(Source records)
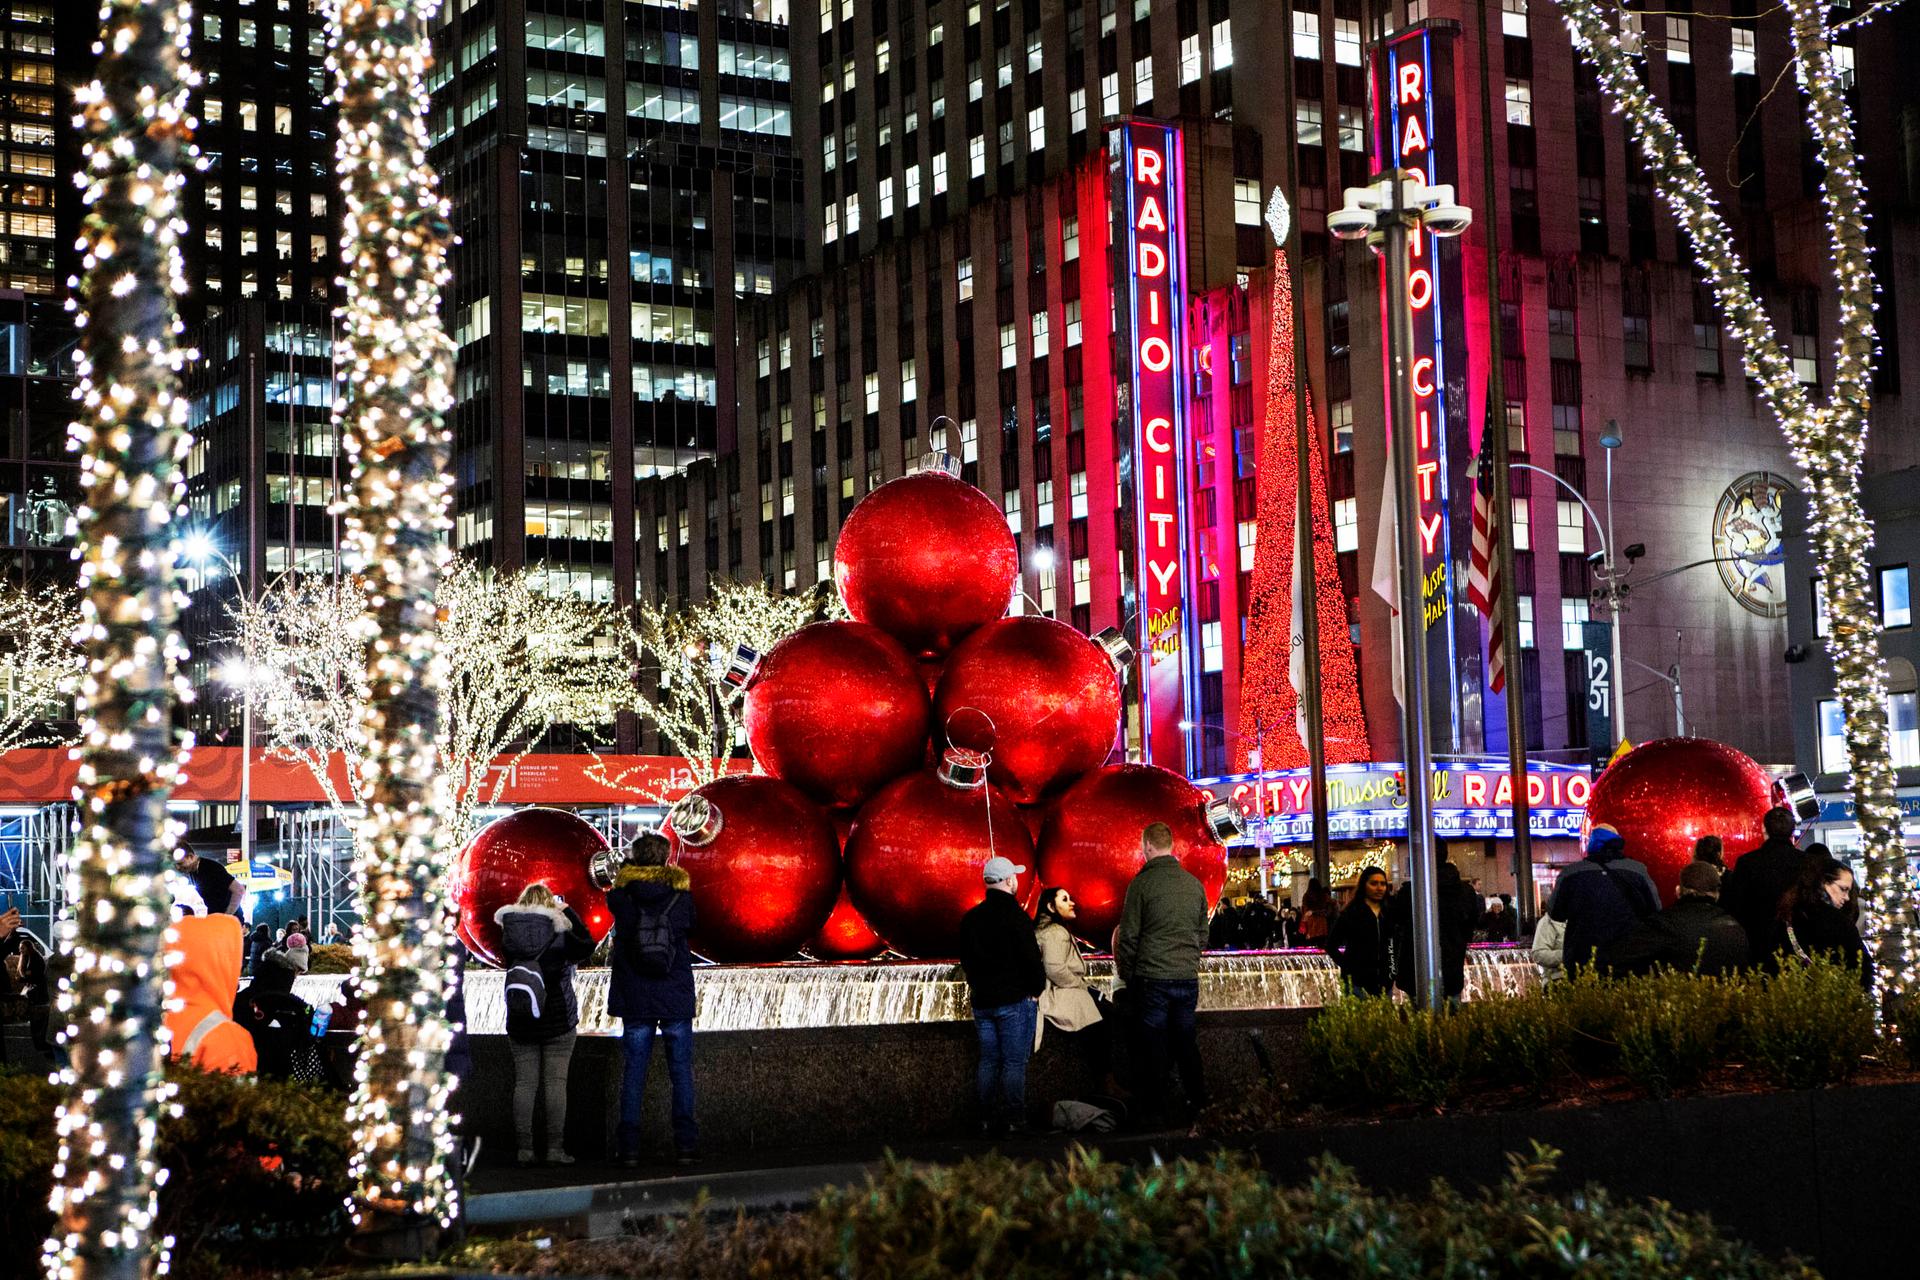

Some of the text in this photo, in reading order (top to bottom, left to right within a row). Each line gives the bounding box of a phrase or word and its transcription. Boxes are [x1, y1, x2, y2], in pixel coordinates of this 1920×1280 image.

[1137, 148, 1170, 372] RADIO
[1413, 357, 1441, 553] CITY
[1145, 418, 1177, 595] CITY
[1148, 606, 1179, 640] MUSIC
[1424, 594, 1447, 631] HALL
[1233, 777, 1309, 815] CITY
[1327, 776, 1395, 810] Music
[1465, 774, 1591, 806] RADIO
[1291, 820, 1313, 834] CITY
[1328, 816, 1405, 832] OCKETTES
[1434, 816, 1460, 829] NOW
[1475, 816, 1497, 829] JAN
[1529, 816, 1549, 829] GET
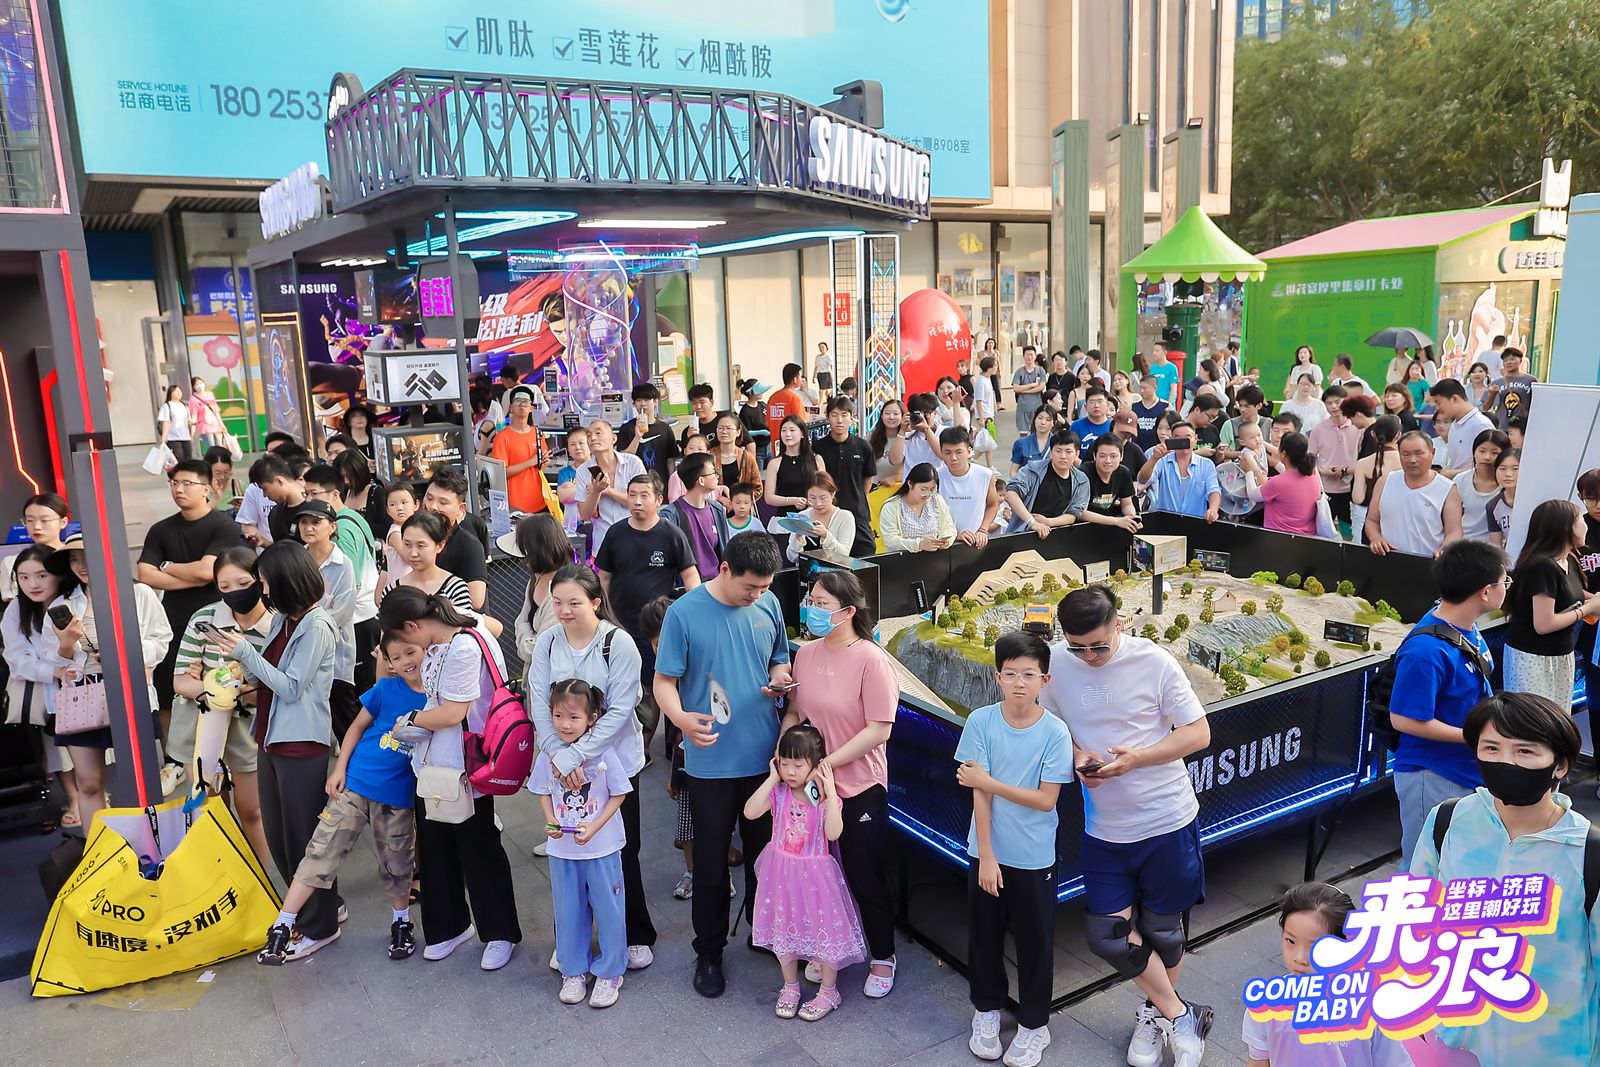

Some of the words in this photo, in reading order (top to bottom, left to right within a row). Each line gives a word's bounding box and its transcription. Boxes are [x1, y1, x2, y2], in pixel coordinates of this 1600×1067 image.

[475, 16, 535, 58] 肌肽
[578, 27, 661, 70] 雪莲花
[699, 38, 773, 79] 烟酰胺
[117, 80, 152, 91] SERVICE
[154, 83, 188, 94] HOTLINE
[119, 91, 191, 113] 招商电话
[210, 84, 261, 118] 180
[267, 88, 330, 121] 253
[891, 135, 971, 154] 大厦8908室
[809, 115, 931, 205] SAMSUNG
[479, 292, 509, 317] 级
[477, 311, 545, 342] 松胜利
[1187, 726, 1302, 794] MSUNG
[101, 899, 146, 922] PRO
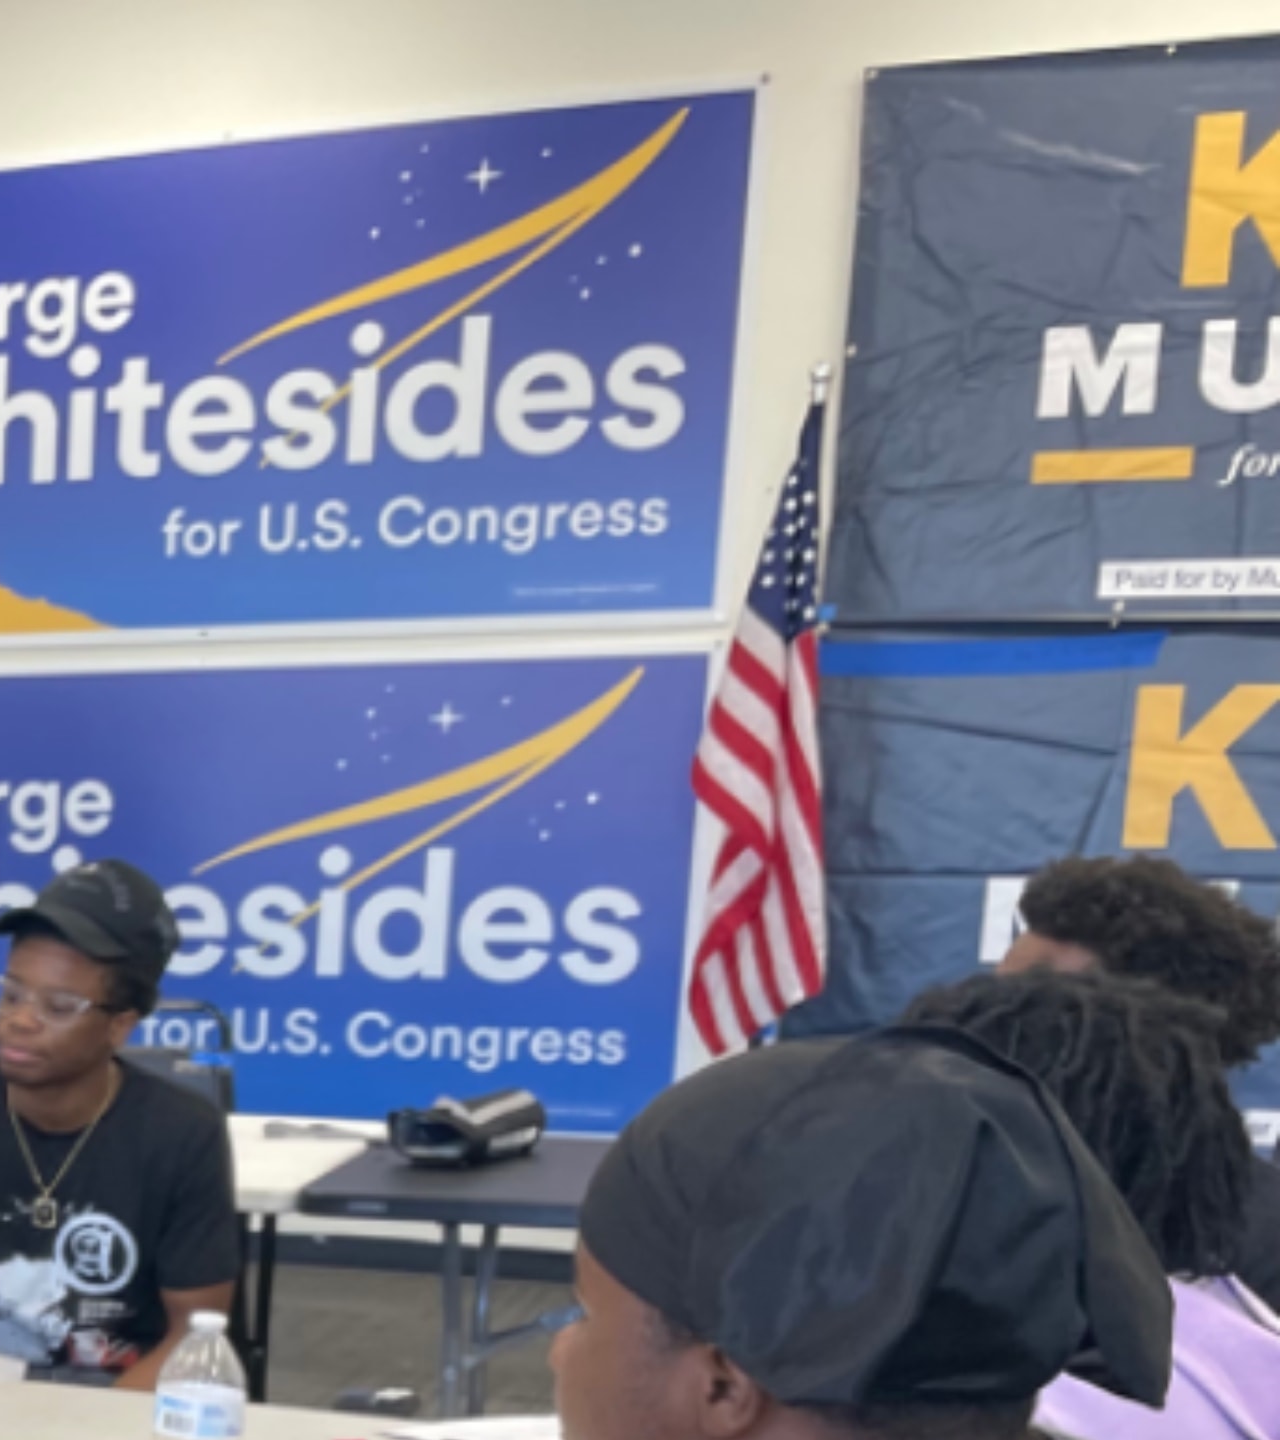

Aim of the exercise
Repeat the records above word for word, keeping no pictures in the copy.

Solution to this problem
Some of the text in this photo, in reading order (top to bottom, left to right within a row). Each line gives the bounding box of a phrase or word and its transcription. Boxes are [x1, y1, x2, y2], in pixel coordinates of this 1920×1280 image.

[1137, 148, 1170, 372] RADIO
[1413, 357, 1441, 553] CITY
[1145, 418, 1177, 595] CITY
[1148, 606, 1179, 640] MUSIC
[1424, 594, 1447, 631] HALL
[1233, 777, 1309, 815] CITY
[1327, 776, 1395, 810] Music
[1465, 774, 1591, 806] RADIO
[1291, 820, 1313, 834] CITY
[1328, 816, 1405, 832] OCKETTES
[1434, 816, 1460, 829] NOW
[1475, 816, 1497, 829] JAN
[1529, 816, 1549, 829] GET

Some of the words in this photo, in reading order (top to bottom, left to right within a row). Each line gives a word's bounding box and its transcription. Boxes are [x1, y1, x2, y2], in pixel coordinates of this 1600×1067 image.

[475, 16, 535, 58] 肌肽
[578, 27, 661, 70] 雪莲花
[699, 38, 773, 79] 烟酰胺
[117, 80, 152, 91] SERVICE
[154, 83, 188, 94] HOTLINE
[119, 91, 191, 113] 招商电话
[210, 84, 261, 118] 180
[267, 88, 330, 121] 253
[891, 135, 971, 154] 大厦8908室
[809, 115, 931, 205] SAMSUNG
[479, 292, 509, 317] 级
[477, 311, 545, 342] 松胜利
[1187, 726, 1302, 794] MSUNG
[101, 899, 146, 922] PRO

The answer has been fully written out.